She held some water and focused it turned a pink colour. "Ros?, its a start. Our powers are amplified when we drink wine and we can create wine from our own power, its a cycle really,but the Bacchanalia involves not pushing it into water but into the air, it will weaken your opponent the essence of wine thick in the air, and strengthen you as well as your powers. It will delve them into madness, drunkeness and..."

"Possibly death." A voice, smooth and stern said from the other end of the room. Lucas looked up and his eyes narrowed. "Geir!"

"Yes its me, my my how you have grow Lucas." The god said. "Don't worry this isn't my real form, just a vessel I borrowed to talk to you."
Ivy was quiet and Lucas stepped back.
"Calm down boy and take a seat." Geir suggested.

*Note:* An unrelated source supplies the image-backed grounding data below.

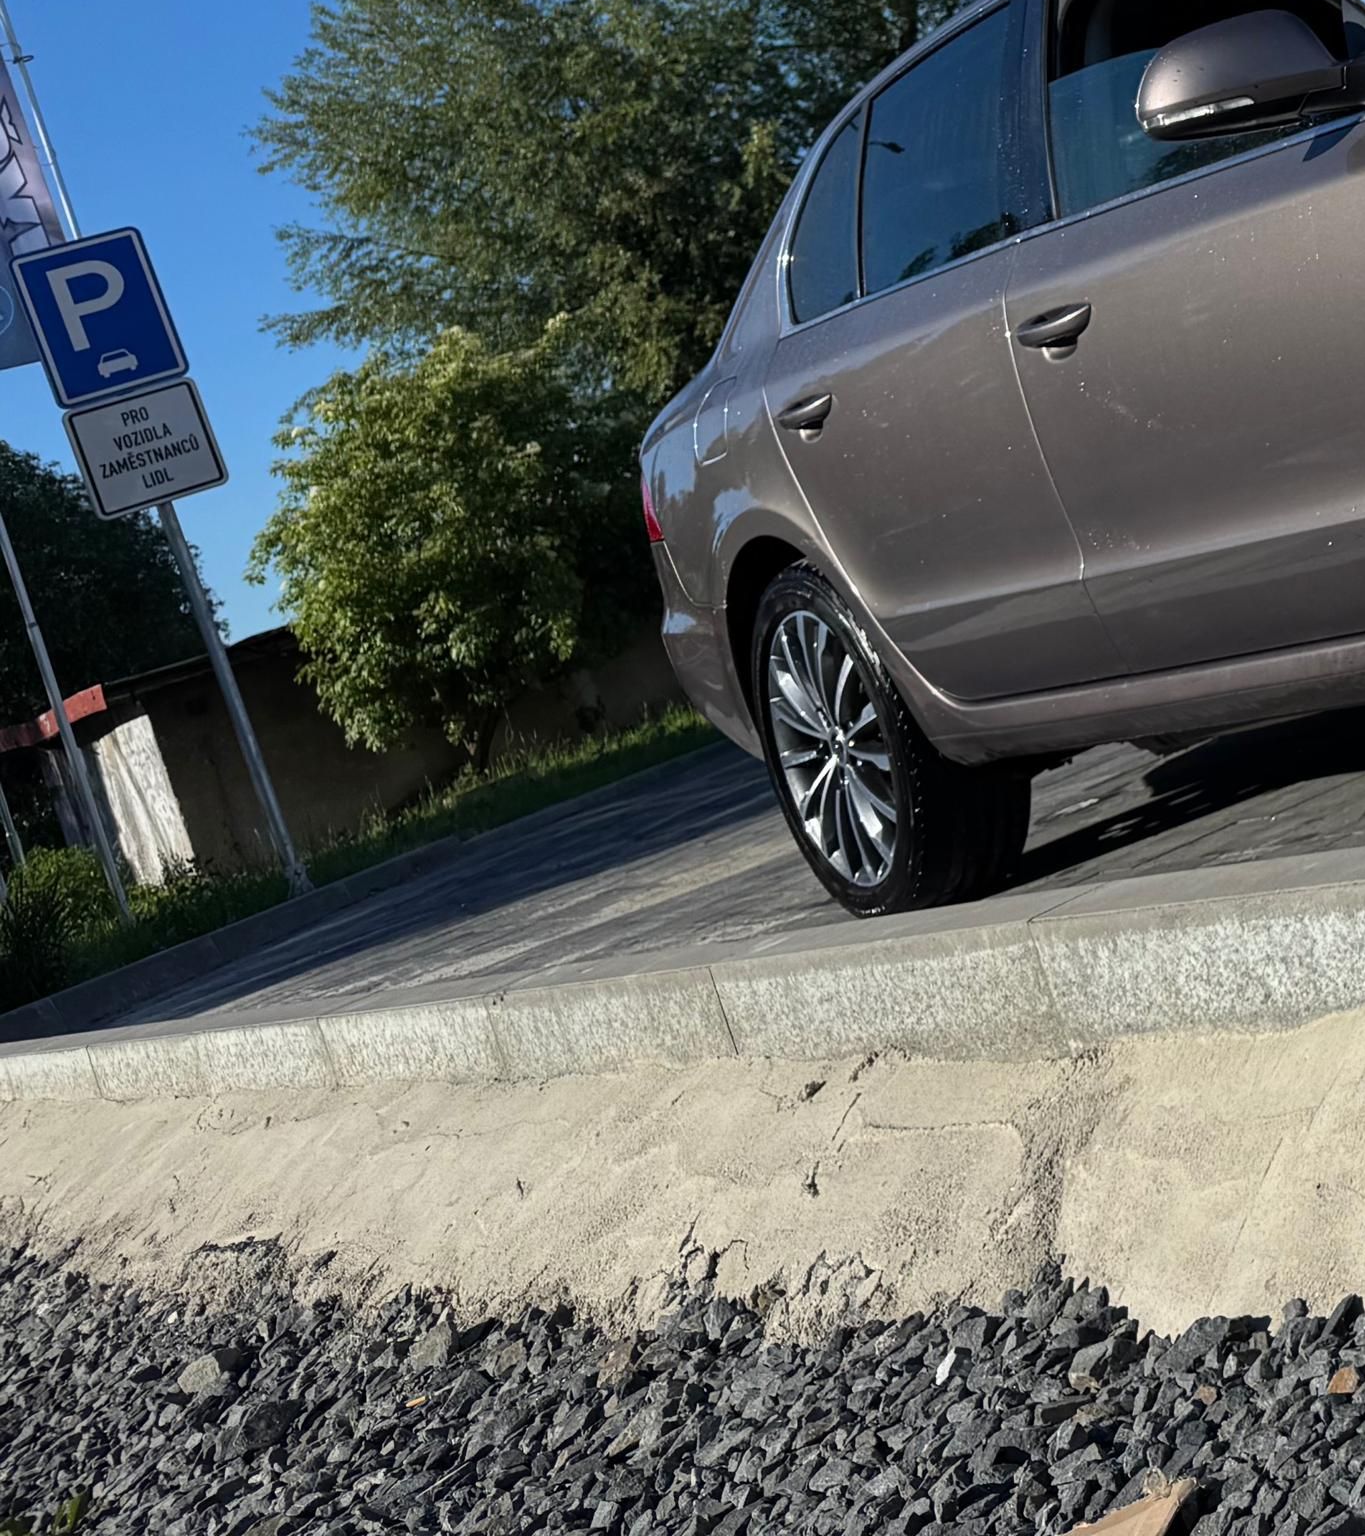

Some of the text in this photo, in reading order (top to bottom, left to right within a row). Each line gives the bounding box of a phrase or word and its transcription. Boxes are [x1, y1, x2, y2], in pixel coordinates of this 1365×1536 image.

[45, 260, 125, 351] P
[120, 406, 149, 427] PRO
[113, 422, 173, 452] VOZIDLA
[99, 432, 200, 480] ZAMĚSTNANCŮ
[141, 467, 175, 489] LIDL
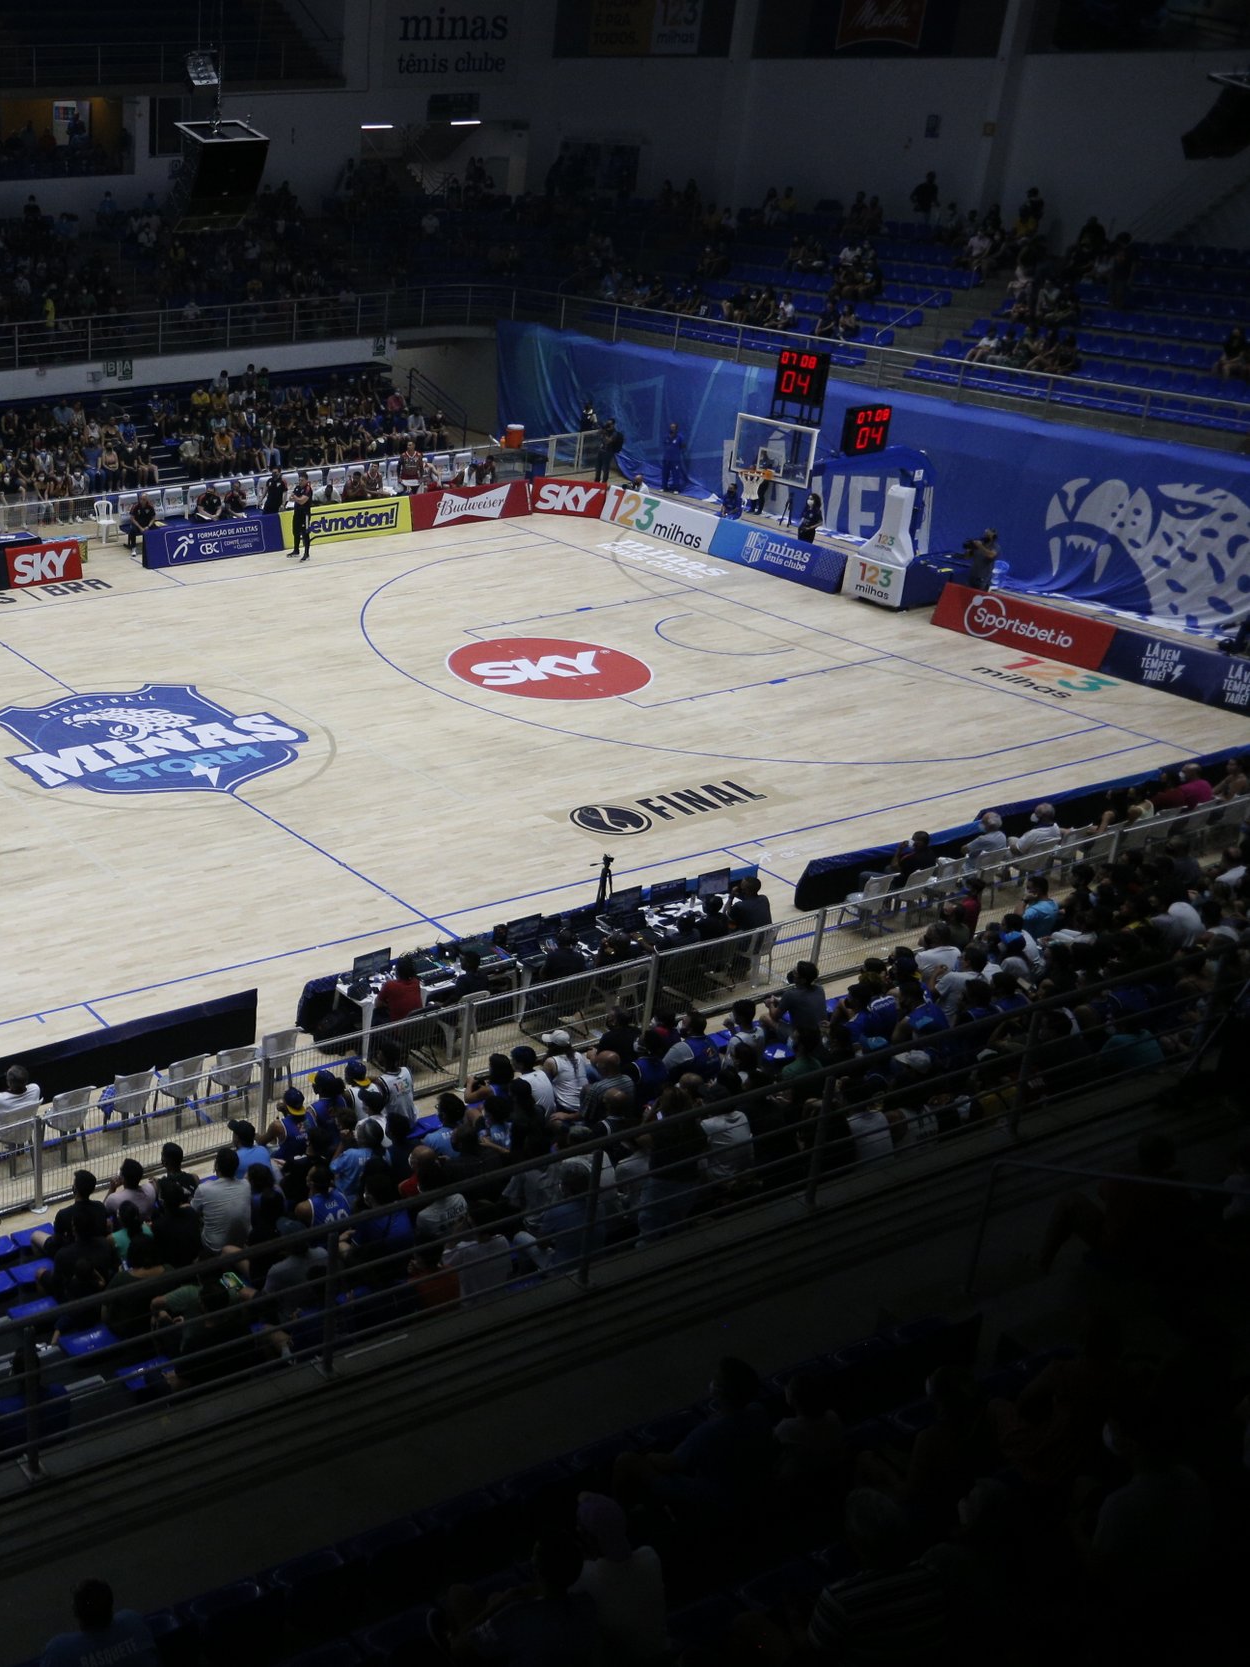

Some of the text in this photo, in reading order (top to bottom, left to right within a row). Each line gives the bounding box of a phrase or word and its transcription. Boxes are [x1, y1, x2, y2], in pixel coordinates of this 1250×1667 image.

[398, 7, 509, 41] minas
[397, 51, 507, 74] tênis clube
[780, 370, 811, 395] 04
[855, 426, 884, 449] 04
[437, 495, 506, 517] Budweiser
[535, 483, 601, 513] SKY
[609, 487, 662, 532] 123
[197, 530, 227, 539] FORMAÇÃO
[236, 525, 259, 534] ATLETAS
[307, 507, 395, 534] etmotion!
[199, 542, 220, 555] CBC
[652, 521, 703, 549] milhas
[878, 534, 895, 546] 123
[762, 551, 806, 572] tênis clube
[765, 537, 811, 564] minas
[13, 548, 72, 585] SKY
[859, 562, 893, 588] 123
[39, 579, 113, 597] BRA
[855, 584, 890, 600] milhas
[973, 607, 1073, 648] Sportsbet.io
[469, 650, 602, 686] SKY
[1141, 657, 1175, 673] TEMPES
[1161, 649, 1181, 662] VEM
[972, 666, 1073, 699] milhas
[1001, 656, 1121, 692] 123
[36, 693, 158, 721] BASKETBALL
[12, 711, 301, 786] MINAS
[104, 746, 265, 783] STORM
[634, 780, 769, 821] FINAL
[79, 1635, 138, 1667] BASQUETE

Lucas grabbed the chair and sat down. This god had imprisoned, captured, banished and transformed dozens of other gods in the past, although he says he is good now it was hard to trust.

"Now Lucas, I trust you got my memory cards."

Lucas nodded. "I don't know how to use them."

"Oh your a smart boy, you just need to load the save file on each of them in an appropriate console." 
"You came here to tell me that?"

"Not only that, but to warn you the wycthes are about to attack your mother as we speak. To lure you out or morally dent you I do not know, but I keep my ear to the airways and the cellphones, I know whats happening. Goodbye and fight well, my golden fleece."

Lucas eyes went wide, Geir wouldn't lie or would he, either way he would have to check up on his mother. "Lessons will have to wait Ivy, go get Sierra and Darla."

"What about you?"

"I've got places to be." He grabbed the jug of wine and threw it on the floor, a puddle of red liquid on the ground and then he jumped into it and vanished.


----------



## Serp (Jun 3, 2011)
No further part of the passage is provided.